The Michigan House Judiciary Committee sent a repeal of the state’s 1931 abortion ban to the House floor Wednesday.

The law is now unenforceable due to a state constitutional amendment passed last year that guarantees abortion rights. But advocates say it should still come off the books.

“It’s terrifying to know that a nearly century-old ban remains on Michigan’s law books threatening to label me a felon," Planned Parenthood Chief Medical Officer Dr. Sarah Wallett said. "I should not have to fear being arrested, separated from my family, stripped of my medical license and barred from practicing medicine simply for providing the care my patients depend on.”

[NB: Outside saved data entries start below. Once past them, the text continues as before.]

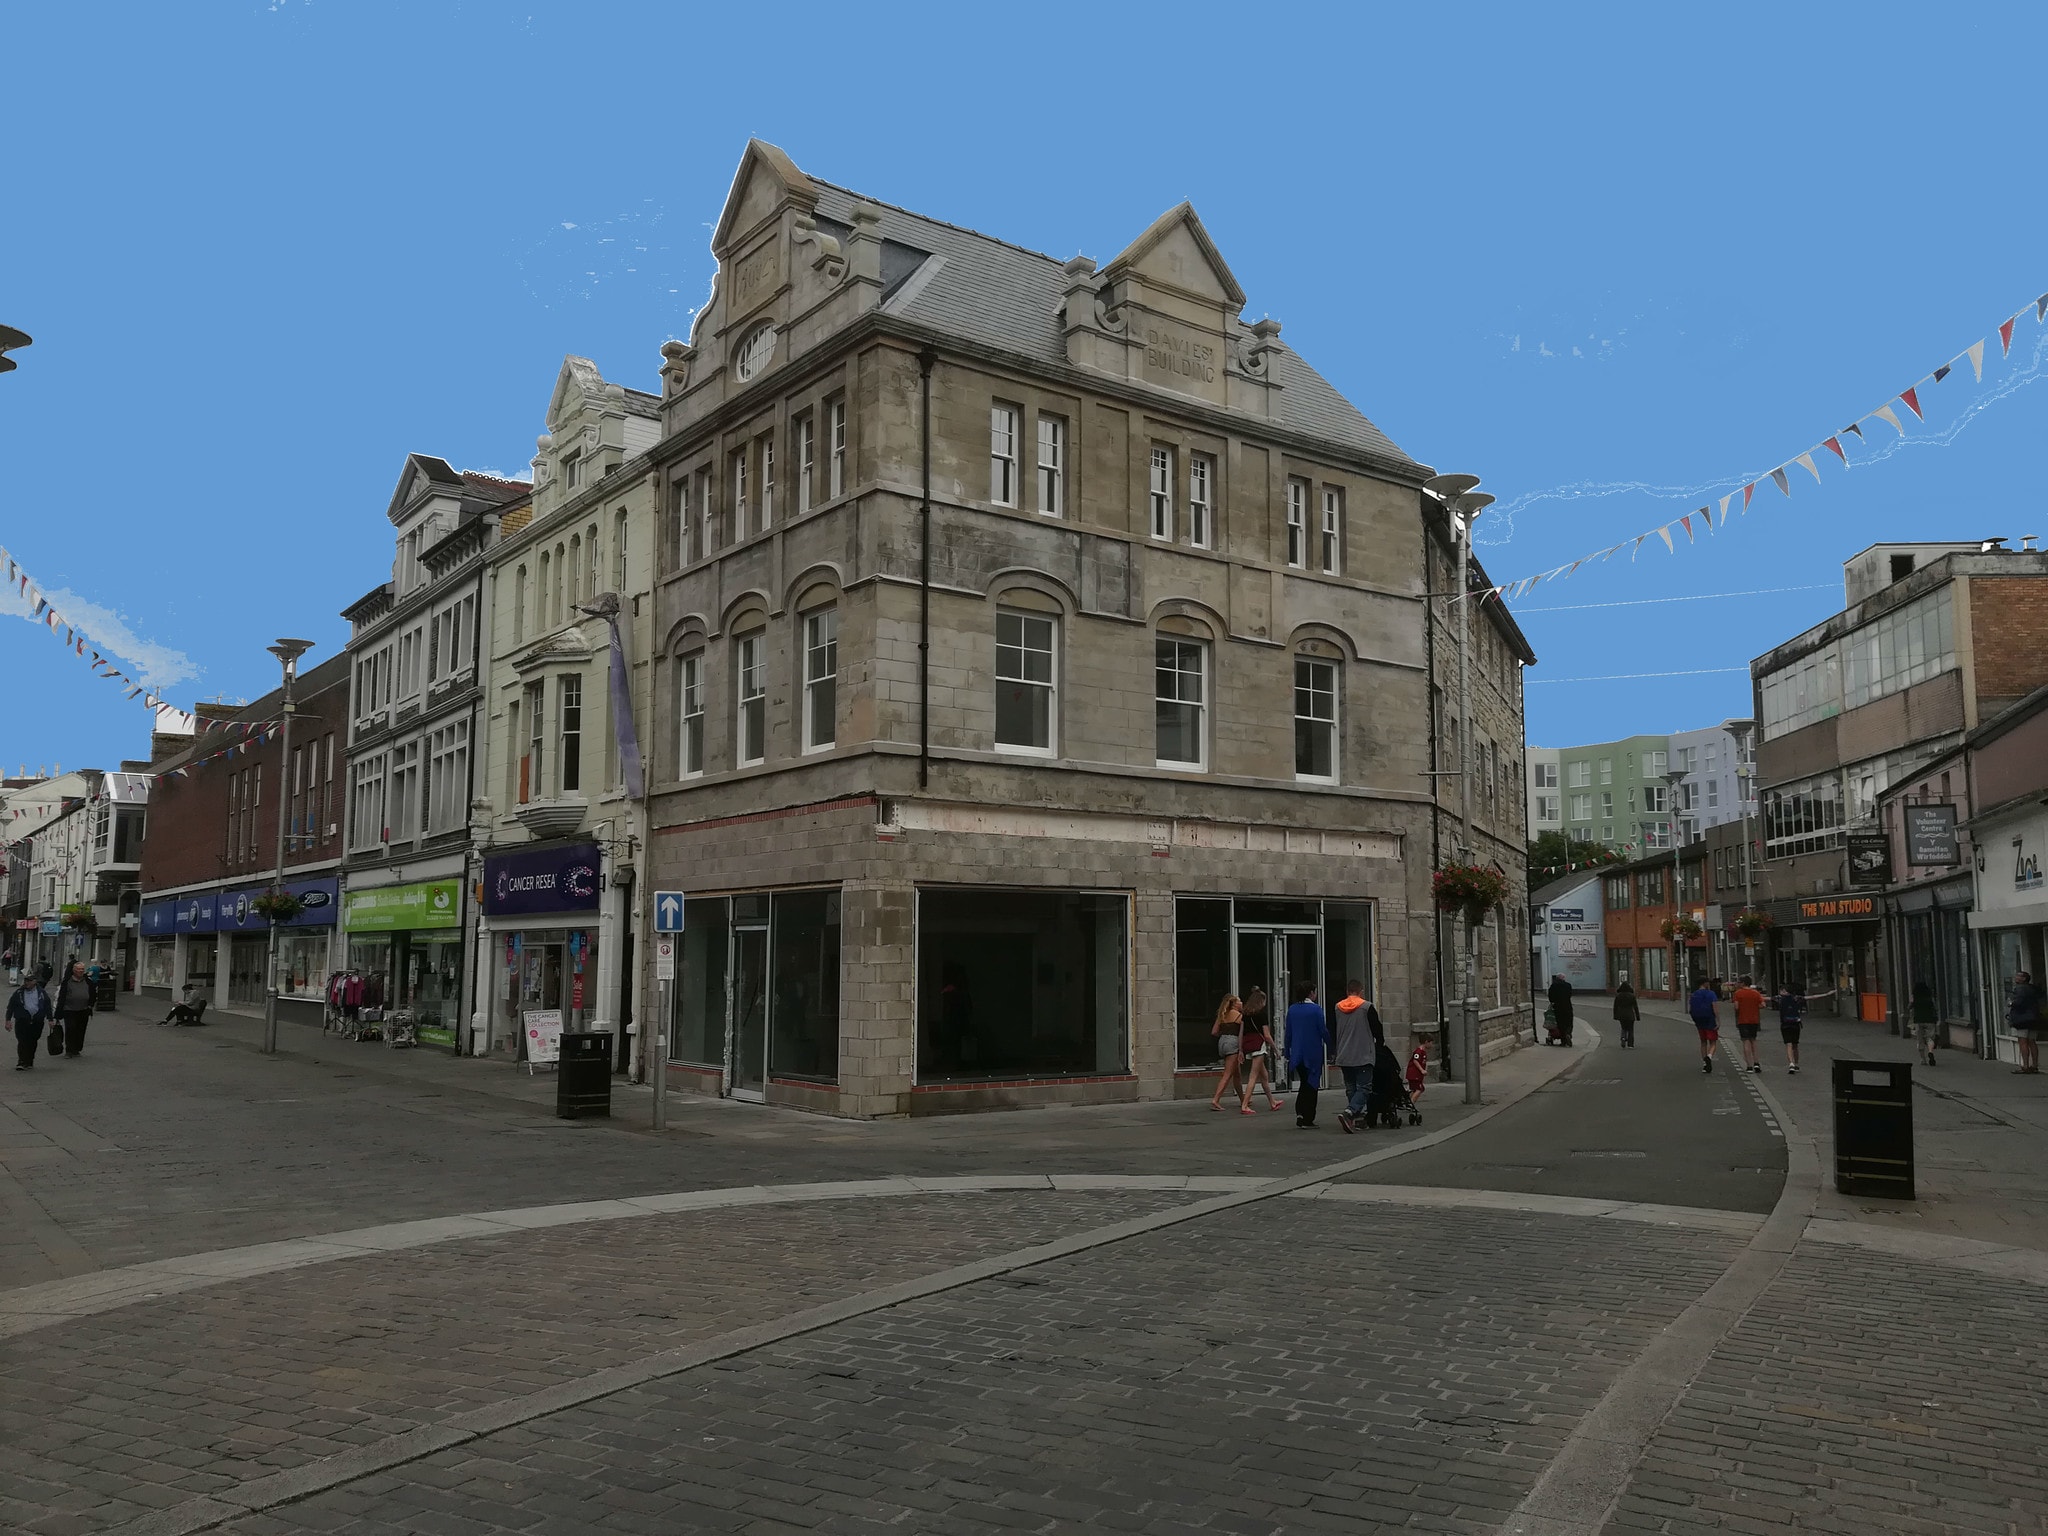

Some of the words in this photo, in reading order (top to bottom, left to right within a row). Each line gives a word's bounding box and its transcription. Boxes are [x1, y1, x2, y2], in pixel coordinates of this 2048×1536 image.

[1149, 329, 1213, 361] DAVIES'
[1148, 348, 1214, 384] BUILDING
[508, 875, 535, 892] CANCER
[535, 873, 558, 889] RESEA
[1801, 902, 1817, 917] THE
[1819, 901, 1836, 915] TAN
[1838, 898, 1873, 914] STUDIO
[1565, 923, 1582, 931] DEN
[1561, 938, 1593, 951] KITCHEN
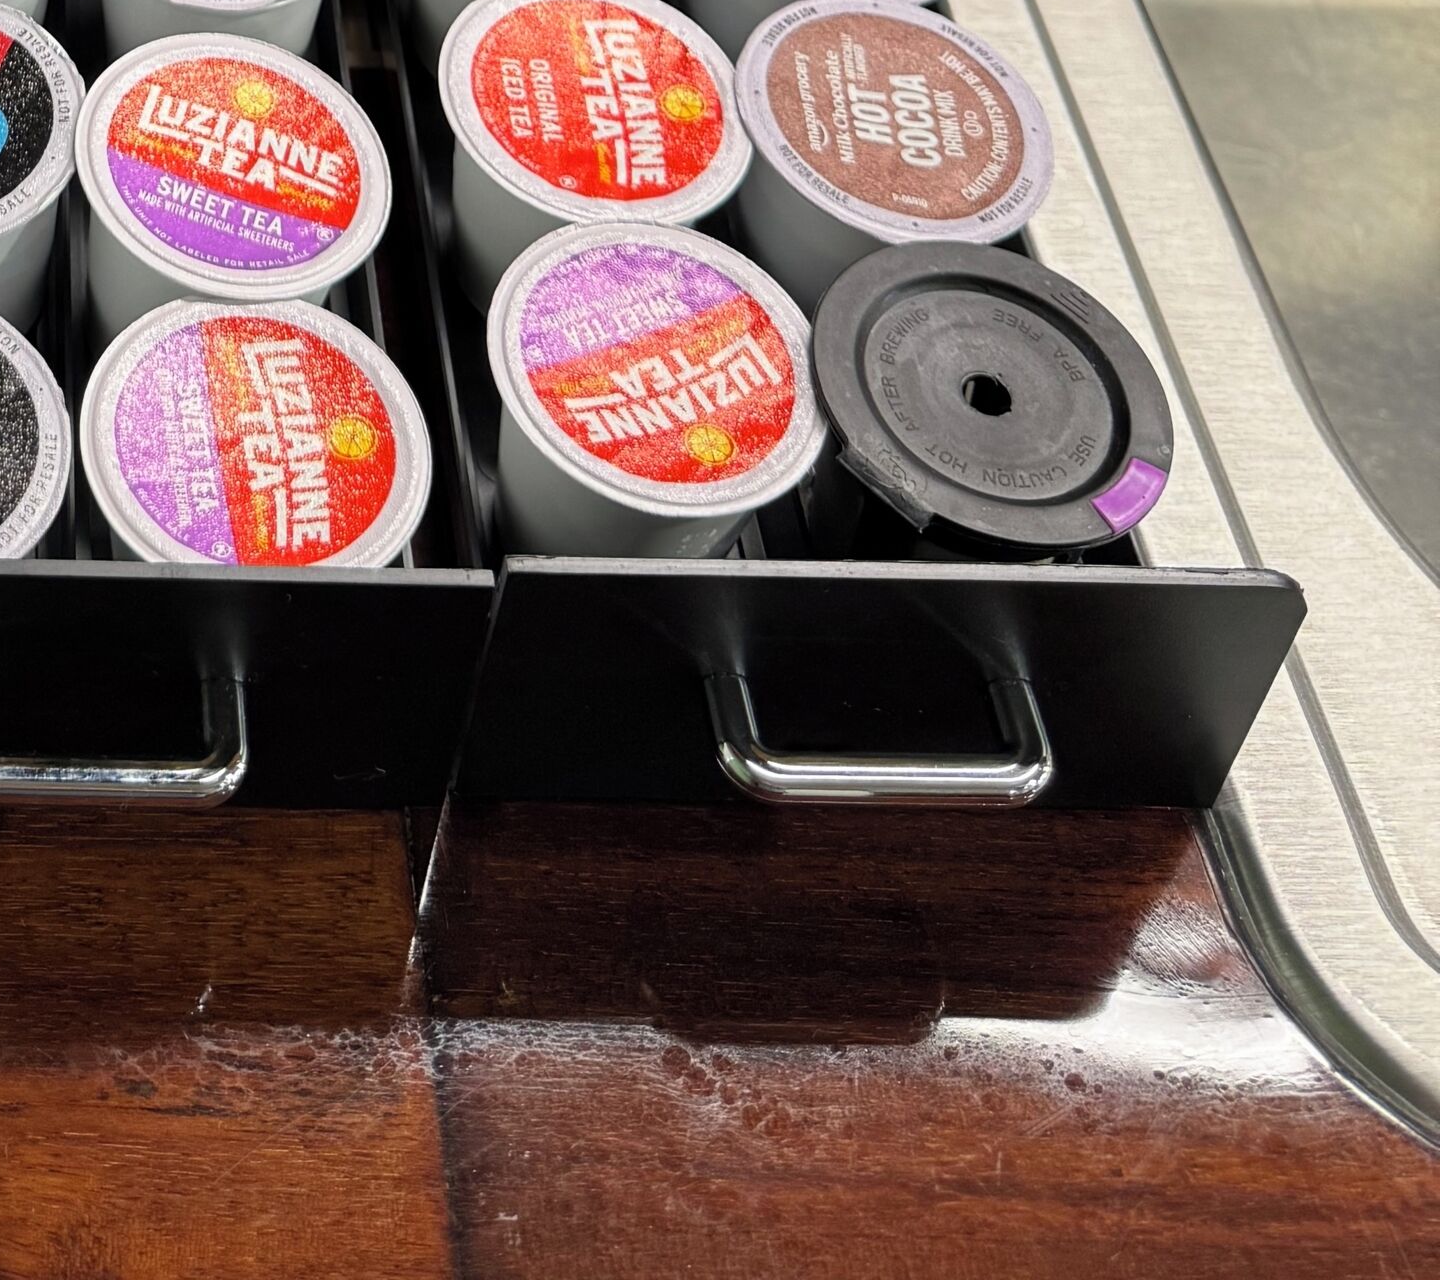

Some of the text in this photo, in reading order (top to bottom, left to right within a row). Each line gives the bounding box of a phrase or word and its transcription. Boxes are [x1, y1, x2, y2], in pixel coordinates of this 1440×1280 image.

Opponents of the repeal argued the state should do more to provide options to pregnant people aside from abortion.

Rebecca Mastee is with the Michigan Catholic Conference. She spoke against the repeal during Wednesday's committee hearing. She said there should be more alternatives to abortion.

"To those who say some women need abortion to be available, especially women with fewer economic resources or opportunities, I ask what if they were supported? What if society focused on providing her and her family with health care, adequate resources, education and employment opportunities?" Mastee questioned.

ACLU Legislative Director Merissa Kovach said the ban still needs to go, even if it’s no longer enforceable.

"These extreme and archaic laws now most clearly stand in direct contradiction to our constitution and they should be repealed," Kovach said. "As we know all too well, there is a danger in allowing unconstitutional laws, especially laws that threaten the health and safety of Michiganders to remain on our books."

House leadership says it plans to move the legislation forward soon.